Cette attaque nous annonce vraisemblablement,
pour l'époque où l’opposition sera devenue majorité et maîtresse absolue, cette
attaque nous annonce et la réforme électorale et la réforme de la Constitution.
J'appelle toute l’attention de la chambre sur ces attaques qui n'ont été
désavouées par personne du côté opposé. Loin de là, messieurs, le chef de
l'opposition a dit que toutes les nuances de l’opposition parlementaire sont à
peine séparées par quelques différences accidentelles, à tel point, a-t-il dit,
qu'elles poursuivent le même but. Or, il n'est certes pas difficile
d'apercevoir le but du discours que je viens de signaler. C'est évidemment la
réforme électorale et la réforme de la Constitution.

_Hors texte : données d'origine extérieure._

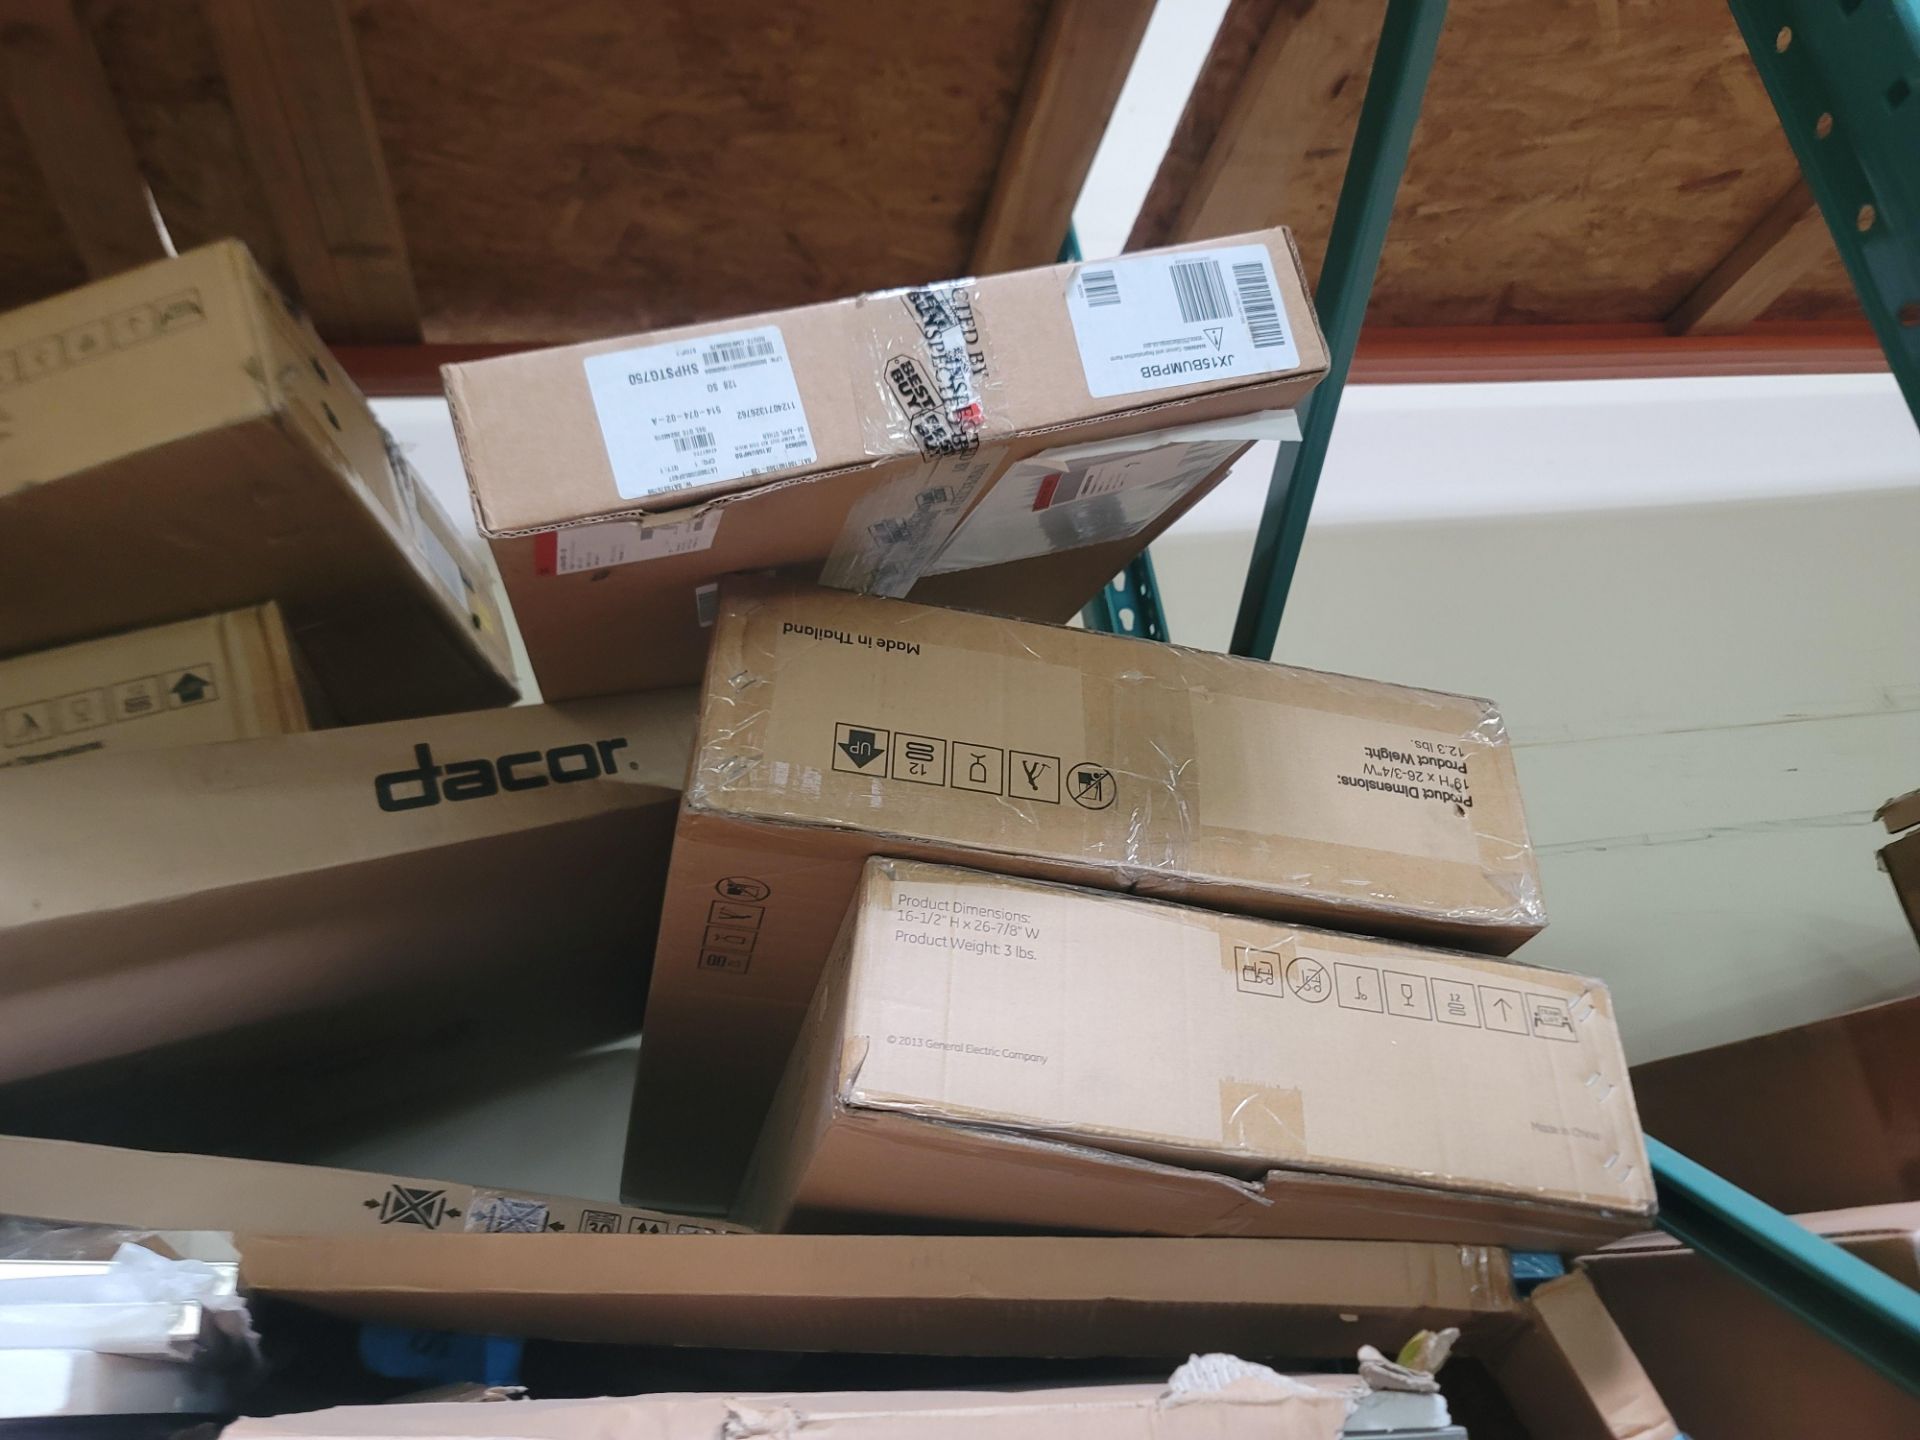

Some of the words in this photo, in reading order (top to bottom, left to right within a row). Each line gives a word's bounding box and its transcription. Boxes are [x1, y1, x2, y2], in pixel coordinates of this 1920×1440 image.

[628, 363, 699, 385] SHPSTG750
[1140, 354, 1235, 378] JX15BUMPBB
[891, 368, 921, 408] BUY
[900, 360, 936, 407] BEST
[651, 405, 721, 426] 514-074-02-A
[783, 622, 854, 645] Thailand
[858, 632, 873, 648] in
[877, 637, 921, 656] Made
[850, 741, 871, 755] UP
[1364, 746, 1414, 766] Weight:
[1410, 739, 1433, 752] lbs.
[1437, 743, 1465, 757] 12.3
[374, 737, 628, 812] dacor
[909, 761, 927, 776] 12
[1417, 758, 1467, 774] Product
[1337, 774, 1419, 799] Dimensions:
[1427, 772, 1435, 782] x
[1422, 788, 1473, 807] Product
[898, 894, 950, 912] Product
[952, 901, 1031, 923] Dimensions:
[898, 909, 947, 926] 16-1/2"
[950, 917, 960, 929] H
[962, 921, 971, 930] x
[974, 919, 1023, 937] 26-7/8"
[1024, 927, 1040, 940] W
[895, 930, 947, 948] Product
[1003, 944, 1012, 957] 3
[1015, 945, 1037, 960] lbs.
[1448, 992, 1462, 1002] 12
[899, 1036, 923, 1048] 2013
[925, 1039, 963, 1053] General
[965, 1043, 1000, 1057] Electric
[1001, 1048, 1048, 1065] Company

Notre vie parlementaire depuis 15 années n'a été
que réaction, suivant cet honorable membre. Il s'est écoule 15 années depuis la
révolution ; au-delà de ces 15 années vous arrivez au gouvernement paternel du
roi Guillaume ; mais de ces 15 années, messieurs, il y en a eu 4 pendant
lesquelles le pouvoir a été aux mains de l'honorable député d'Anvers, qui
devait composer le nouveau ministère ; de 1832 à 1834 notamment il gouvernait
avec la majorité.
M. Rogier. - Contre vous et vos amis.
M. Dubus (aîné). - Je me suis, sans doute, séparé maintes fois du
cabinet dans mes votes. Au reste, je ne suis pas en cause. La question n'est
pas de savoir de quelle opinion j'ai été sur telle ou telle question ; je
traite la question à l’ordre du jour.
Je dois dire aussi que parmi les lois dont on
voulait demander la révocation à la majorité, il en est telle à laquelle j'ai
refusé men assentiment.
On met en cause, messieurs, devant vous le parti
que l'on appelle le parti catholique. Quant à moi, je ne connais pas de parti
catholique dans cette chambre, mais je dis qu'il existait et qu’il existe
encore un parti nombreux dans la nation, nombreux dans le congrès et ensuite
nombreux dans les chambres, parti qui compte beaucoup de catholiques, parmi ses
membres.
Ce parti, c'est celui qui a voulu la conquête de
toutes nos libertés, sans en excepter aucune, qui a consacré toutes nos
libertés, sans en excepter aucune, qui depuis lors s'est attaché à les
conserver toutes, toujours sans en excepter aucune ; tandis qu'il y a un autre
parti qui s'est toujours posé avec ostentation comme le défenseur des libertés
publiques, et qui cependant n'a de sympathie que pour certaines libertés, qui
n'a que des attaques pour certaines autres. Ce parti, qui s'appelle libéral de
son autorité privée, trouvait très libéral de restreindre certaines libertés.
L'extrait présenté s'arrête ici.